Customer Credit Analysis
On an ongoing basis, the company updates and reviews the creditworthiness of its customer base. The company classifies its customers into one of three categories: creditworthy, moderate risk (customers whose longer term financial prospects may be in question) and at-risk (financially weaker customers who are expected to disconnect services in the near term).
At the end of the first quarter, the company stated that approximately 15 percent of its recurring communications revenue was derived from at-risk customers. During the second quarter, customer disconnects and cancellations from at-risk customers were generally in line with the company's previously announced expectations.
As of the end of the second quarter, the company believes that approximately three-quarters of its recurring communications revenue was from creditworthy customers, and the remaining one-quarter was split evenly between moderate risk customers and at-risk customers.
The company continues to expect disconnects and cancellations to trend down during the second half of 2002, as a result of the improving credit quality of its customer base.
"While we are not immune to negative surprises, and will continue to monitor our customer base carefully, we are pleased with the continued improvement in the credit quality of our customer base," said Choksi. "We believe that recurring communications revenue from at-risk customers will approach normalized levels of approximately 10 percent over time."
Business Outlook
"Previously, we had indicated that we believed our ability to project our results was improving," said Crowe. "However, we are currently seeing mixed signals in terms of the indicators related to revenue and cash flow growth. On the positive side, we experienced a slight reduction in disconnects during the second quarter and expect lower disconnects during the balance of the year. In addition, we are seeing a higher level of sales proposals and request for proposal (RFP) activity than we've seen for several quarters. On the negative side, the events of the past quarter, including the highly publicized turmoil in the communications industry, have contributed to customer uncertainty and longer sales cycles. In addition, the level of new sales completed during the second quarter, particularly for IRUs, was significantly lower than during previous quarters. As a result, our ability to project future results is subject to increased uncertainty."
Third Quarter Projections
Level 3 expects consolidated revenue to be approximately $785 million, including $255 million from the communications business, $500 million from information services and $30 million of other revenue. Approximately $225 million of the communications GAAP revenue is expected to be from services revenue and the balance from reciprocal compensation. Communications GAAP revenue is expected to decline by $21 million from the second quarter, primarily as a result of lower non-recurring termination revenue. Communications services revenue, excluding termination revenue of approximately $5 million, is expected to be $220 million. Communications cash revenue for the third quarter is expected to be $250 million. The quarter over quarter projected decline in communications cash revenue is a result of recent weakness in IRU sales.
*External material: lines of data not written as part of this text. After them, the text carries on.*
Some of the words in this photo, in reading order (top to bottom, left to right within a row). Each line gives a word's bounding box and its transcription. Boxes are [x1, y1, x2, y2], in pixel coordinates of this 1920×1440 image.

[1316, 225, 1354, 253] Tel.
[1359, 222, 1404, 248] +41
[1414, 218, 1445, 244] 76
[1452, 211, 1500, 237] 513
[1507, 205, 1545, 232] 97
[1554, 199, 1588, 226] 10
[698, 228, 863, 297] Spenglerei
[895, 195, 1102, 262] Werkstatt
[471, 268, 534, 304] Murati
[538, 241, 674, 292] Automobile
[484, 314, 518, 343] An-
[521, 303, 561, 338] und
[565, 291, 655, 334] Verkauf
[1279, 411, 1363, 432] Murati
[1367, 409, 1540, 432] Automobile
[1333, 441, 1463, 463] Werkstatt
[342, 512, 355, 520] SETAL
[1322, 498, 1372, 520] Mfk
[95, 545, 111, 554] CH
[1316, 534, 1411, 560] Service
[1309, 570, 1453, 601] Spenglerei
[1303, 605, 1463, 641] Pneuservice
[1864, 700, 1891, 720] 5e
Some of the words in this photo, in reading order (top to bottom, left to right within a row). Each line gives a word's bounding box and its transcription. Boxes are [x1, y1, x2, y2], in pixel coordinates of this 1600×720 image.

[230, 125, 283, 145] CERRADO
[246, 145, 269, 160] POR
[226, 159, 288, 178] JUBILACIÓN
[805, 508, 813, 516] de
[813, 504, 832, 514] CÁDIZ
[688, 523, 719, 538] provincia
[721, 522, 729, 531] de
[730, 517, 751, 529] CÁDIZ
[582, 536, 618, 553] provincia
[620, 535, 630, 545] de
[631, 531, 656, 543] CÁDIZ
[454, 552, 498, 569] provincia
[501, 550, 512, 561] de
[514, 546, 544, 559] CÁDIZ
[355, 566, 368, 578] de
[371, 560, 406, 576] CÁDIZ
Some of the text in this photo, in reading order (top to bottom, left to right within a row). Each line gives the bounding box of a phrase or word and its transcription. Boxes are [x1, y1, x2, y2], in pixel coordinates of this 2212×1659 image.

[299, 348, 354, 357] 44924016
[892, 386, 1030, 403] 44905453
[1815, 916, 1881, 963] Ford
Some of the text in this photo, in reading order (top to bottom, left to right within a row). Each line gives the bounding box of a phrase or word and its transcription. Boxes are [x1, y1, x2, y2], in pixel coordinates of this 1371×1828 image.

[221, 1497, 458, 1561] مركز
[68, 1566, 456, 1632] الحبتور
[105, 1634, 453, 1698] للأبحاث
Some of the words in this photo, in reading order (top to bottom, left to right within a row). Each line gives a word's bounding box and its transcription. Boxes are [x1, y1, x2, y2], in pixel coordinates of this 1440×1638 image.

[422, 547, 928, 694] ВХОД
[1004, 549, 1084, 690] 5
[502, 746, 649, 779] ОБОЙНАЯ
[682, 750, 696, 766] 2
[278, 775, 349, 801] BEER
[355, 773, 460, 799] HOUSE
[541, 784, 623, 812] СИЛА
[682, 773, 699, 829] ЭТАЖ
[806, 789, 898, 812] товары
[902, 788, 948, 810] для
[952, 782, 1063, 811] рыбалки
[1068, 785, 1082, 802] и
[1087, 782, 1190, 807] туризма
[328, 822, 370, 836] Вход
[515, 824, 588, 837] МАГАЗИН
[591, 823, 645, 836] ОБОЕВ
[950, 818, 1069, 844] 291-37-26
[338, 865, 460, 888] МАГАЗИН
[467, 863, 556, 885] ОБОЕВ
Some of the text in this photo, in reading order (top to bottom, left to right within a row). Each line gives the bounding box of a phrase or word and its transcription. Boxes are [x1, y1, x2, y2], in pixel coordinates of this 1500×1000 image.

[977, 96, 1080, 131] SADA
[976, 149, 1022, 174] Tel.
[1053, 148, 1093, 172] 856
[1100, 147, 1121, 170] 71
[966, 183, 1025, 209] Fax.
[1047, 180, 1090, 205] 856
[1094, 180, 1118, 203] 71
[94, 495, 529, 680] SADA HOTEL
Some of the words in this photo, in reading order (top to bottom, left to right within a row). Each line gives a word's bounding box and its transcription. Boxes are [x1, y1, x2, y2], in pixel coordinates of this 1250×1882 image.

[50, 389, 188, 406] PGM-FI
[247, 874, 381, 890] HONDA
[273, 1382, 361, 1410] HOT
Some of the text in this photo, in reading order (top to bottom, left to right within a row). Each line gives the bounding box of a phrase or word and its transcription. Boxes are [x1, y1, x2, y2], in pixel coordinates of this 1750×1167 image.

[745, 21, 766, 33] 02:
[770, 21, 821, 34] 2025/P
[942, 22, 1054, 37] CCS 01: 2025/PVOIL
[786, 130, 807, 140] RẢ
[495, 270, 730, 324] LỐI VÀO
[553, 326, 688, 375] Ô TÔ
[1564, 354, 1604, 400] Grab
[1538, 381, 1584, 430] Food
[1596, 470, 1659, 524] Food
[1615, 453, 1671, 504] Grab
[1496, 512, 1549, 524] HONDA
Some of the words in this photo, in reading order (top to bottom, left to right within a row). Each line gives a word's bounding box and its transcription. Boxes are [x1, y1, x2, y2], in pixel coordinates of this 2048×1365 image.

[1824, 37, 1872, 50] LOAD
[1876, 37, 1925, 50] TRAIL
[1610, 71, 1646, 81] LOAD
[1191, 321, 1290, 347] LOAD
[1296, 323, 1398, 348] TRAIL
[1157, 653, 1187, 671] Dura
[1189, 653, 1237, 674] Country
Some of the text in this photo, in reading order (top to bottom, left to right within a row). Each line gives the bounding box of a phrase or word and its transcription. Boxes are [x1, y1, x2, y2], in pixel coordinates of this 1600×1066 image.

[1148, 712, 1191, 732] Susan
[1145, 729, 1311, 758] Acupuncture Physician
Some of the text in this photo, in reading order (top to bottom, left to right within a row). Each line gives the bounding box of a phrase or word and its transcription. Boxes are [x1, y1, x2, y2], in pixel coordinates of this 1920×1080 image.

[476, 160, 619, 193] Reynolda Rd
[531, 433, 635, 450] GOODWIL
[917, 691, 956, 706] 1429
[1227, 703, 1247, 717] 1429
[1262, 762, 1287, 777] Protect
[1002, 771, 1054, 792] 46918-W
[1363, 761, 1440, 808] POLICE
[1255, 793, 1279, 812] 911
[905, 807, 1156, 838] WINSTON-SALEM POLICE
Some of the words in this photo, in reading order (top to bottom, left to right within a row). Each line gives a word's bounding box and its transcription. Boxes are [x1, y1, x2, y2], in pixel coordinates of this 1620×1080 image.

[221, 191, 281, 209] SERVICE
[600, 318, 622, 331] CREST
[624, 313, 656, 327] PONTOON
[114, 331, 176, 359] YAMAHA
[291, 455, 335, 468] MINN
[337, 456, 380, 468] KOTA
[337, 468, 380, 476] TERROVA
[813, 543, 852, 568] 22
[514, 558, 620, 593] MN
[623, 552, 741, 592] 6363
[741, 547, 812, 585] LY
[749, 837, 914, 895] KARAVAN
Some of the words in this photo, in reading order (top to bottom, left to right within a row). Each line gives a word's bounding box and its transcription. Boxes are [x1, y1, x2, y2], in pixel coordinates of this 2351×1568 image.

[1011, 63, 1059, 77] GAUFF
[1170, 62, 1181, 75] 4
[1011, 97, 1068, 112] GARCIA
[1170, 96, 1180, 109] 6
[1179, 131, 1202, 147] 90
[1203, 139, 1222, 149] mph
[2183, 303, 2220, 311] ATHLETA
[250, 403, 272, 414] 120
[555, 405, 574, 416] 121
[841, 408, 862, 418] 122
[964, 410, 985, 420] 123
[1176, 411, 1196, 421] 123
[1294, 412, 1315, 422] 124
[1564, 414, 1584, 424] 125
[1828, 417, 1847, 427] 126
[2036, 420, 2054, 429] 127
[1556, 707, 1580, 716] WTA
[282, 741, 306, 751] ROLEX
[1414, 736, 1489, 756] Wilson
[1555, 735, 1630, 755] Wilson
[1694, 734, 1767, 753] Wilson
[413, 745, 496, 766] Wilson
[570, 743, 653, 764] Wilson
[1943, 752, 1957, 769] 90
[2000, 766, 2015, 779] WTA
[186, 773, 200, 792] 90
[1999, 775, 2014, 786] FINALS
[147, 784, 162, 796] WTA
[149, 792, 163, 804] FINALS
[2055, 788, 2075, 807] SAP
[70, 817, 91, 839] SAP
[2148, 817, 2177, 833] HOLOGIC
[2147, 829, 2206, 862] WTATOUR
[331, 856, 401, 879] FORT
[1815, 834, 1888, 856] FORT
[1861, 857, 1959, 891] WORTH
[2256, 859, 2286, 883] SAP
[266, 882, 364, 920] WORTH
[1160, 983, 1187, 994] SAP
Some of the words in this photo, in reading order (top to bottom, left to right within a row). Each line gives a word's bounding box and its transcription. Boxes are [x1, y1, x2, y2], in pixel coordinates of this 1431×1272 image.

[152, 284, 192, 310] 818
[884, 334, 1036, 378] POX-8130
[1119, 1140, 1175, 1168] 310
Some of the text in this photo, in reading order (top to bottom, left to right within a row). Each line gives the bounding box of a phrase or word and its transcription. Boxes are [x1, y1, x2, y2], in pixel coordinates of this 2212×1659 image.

| Metric ($ in millions except net loss per share) |
Third Quarter Projections |
| Communications Cash Revenue | $250 |
| Communications GAAP Revenue | $255 |
| Communications Services Revenue(1) | $225 |
| Information Services Revenue | $500 |
| Revenue from Other Businesses | $30 |
| Consolidated GAAP Revenue | $785 |
| Consolidated EBITDA | $50 |
| Consolidated Adjusted EBITDA | $50 |
| Capital Expenditures | $65 |
| Net Loss per Share | $0.85 |
| (1) Includes approximately $5 million of expected termination revenue. | |
The company expects third quarter Consolidated Adjusted EBITDA of $50 million. The projected decline in Consolidated Adjusted EBITDA quarter over quarter is the result of lower communications cash revenue. Consolidated EBITDA, excluding stock-based compensation expense, is expected to be positive $50 million for the third quarter, of which approximately $40 million is anticipated to be generated by the communications business, $2 million by the information services business and the balance by other businesses. The quarter over quarter expected reduction in information services EBITDA is due to seasonality in Corporate Software and Software Spectrum's businesses. As a result of seasonality, the information services business generally has significantly higher revenue and EBITDA during the second and fourth quarters.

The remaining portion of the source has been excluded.